Feel less stress. Make yourself feel calmer. Experiment to find what works best for you. Some people calm the body and mind with meditation, yoga, prayer, or other traditions. Others feel better after hard physical work or exercise. It often helps to build a relationship with another person or a group of people you can share your feelings with.

Join with others to help your health and the community’s health. Organize a group to share good ideas and activities that contribute to health. To reduce high blood pressure and heart disease in your community, adapt ideas about Community Action for Diabetes. For example, community gardening or sharing better ways to prepare food can prevent many future cases of heart disease and bring people together in ways that lead to other improvements for the community.

a health worker speaking to a woman while taking her pulse.

Health workers can ask people what they are able to do and why they want to do it, instead of telling them what they should do. Nobody likes to be told what to do all the time.
Tell me more about why you want to do something about your high blood pressure.
I’m afraid of getting too sick or dying while the children are young. But changing what we eat is hard. And vegetables are expensive for us.
What changes have you been able to make so far?
Well, now I walk a lot more.

If you have high blood pressure or a heart problem

Finding out you have high blood pressure or another heart problem is worrisome. As with diabetes, you can manage heart and blood pressure problems so they do not lead to ill health or an emergency, and you can feel better. Whether or not you need medicines for your heart problem, you will probably feel better when you move more and change what you eat. This is why some people decide that finding out about their high blood pressure, heart disease, or diabetes—and doing something about it—is like being given a second chance (see the Diabetes chapter).

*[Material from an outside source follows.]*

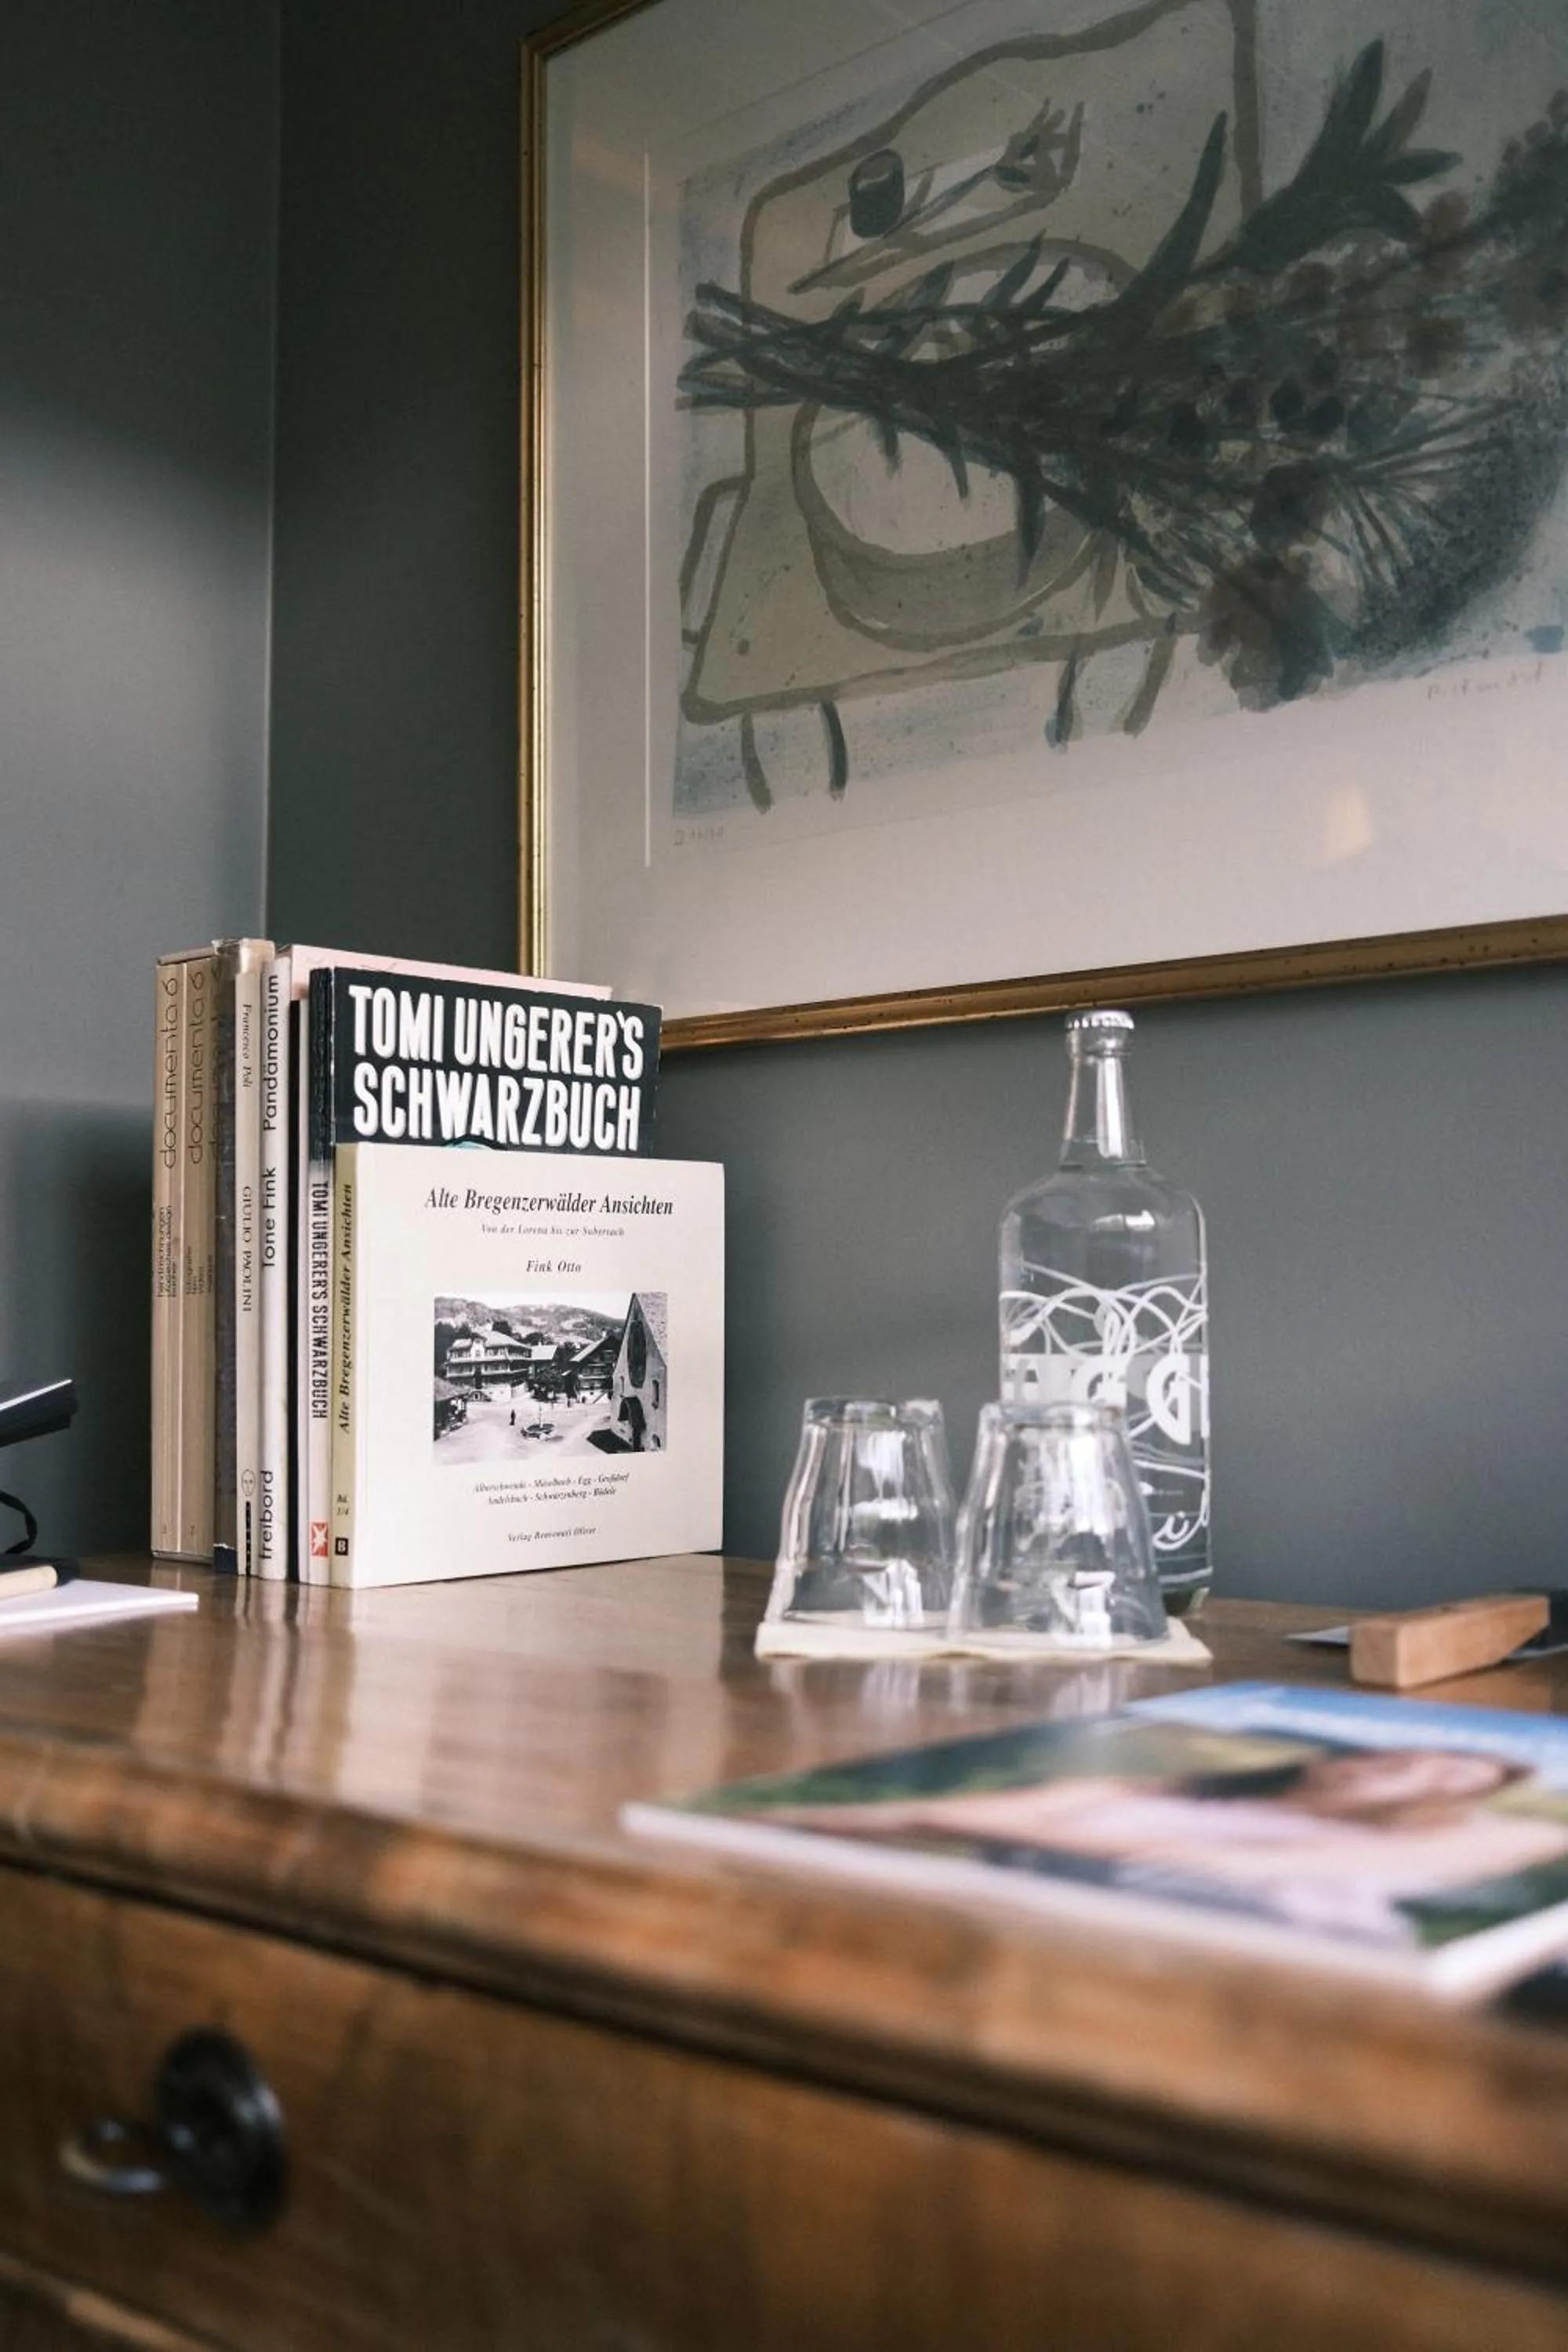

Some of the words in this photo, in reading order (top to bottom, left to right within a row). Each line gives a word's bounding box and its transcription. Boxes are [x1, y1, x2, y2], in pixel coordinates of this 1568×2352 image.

Adapting to new foods and new situations is easier when everyone in the family helps and makes the same changes too. And it is easier to exercise and move more if you plan something fun to do regularly with family and friends, such as walking together on your errands or dancing. Work with others to reduce stressful situations when possible.

 a woman looking at her plants. a man playing with his children.
I have a small patio where I grow vegetables. I play with my children every evening.
People come up with many creative ways to exercise more and eat healthy food. What will you do?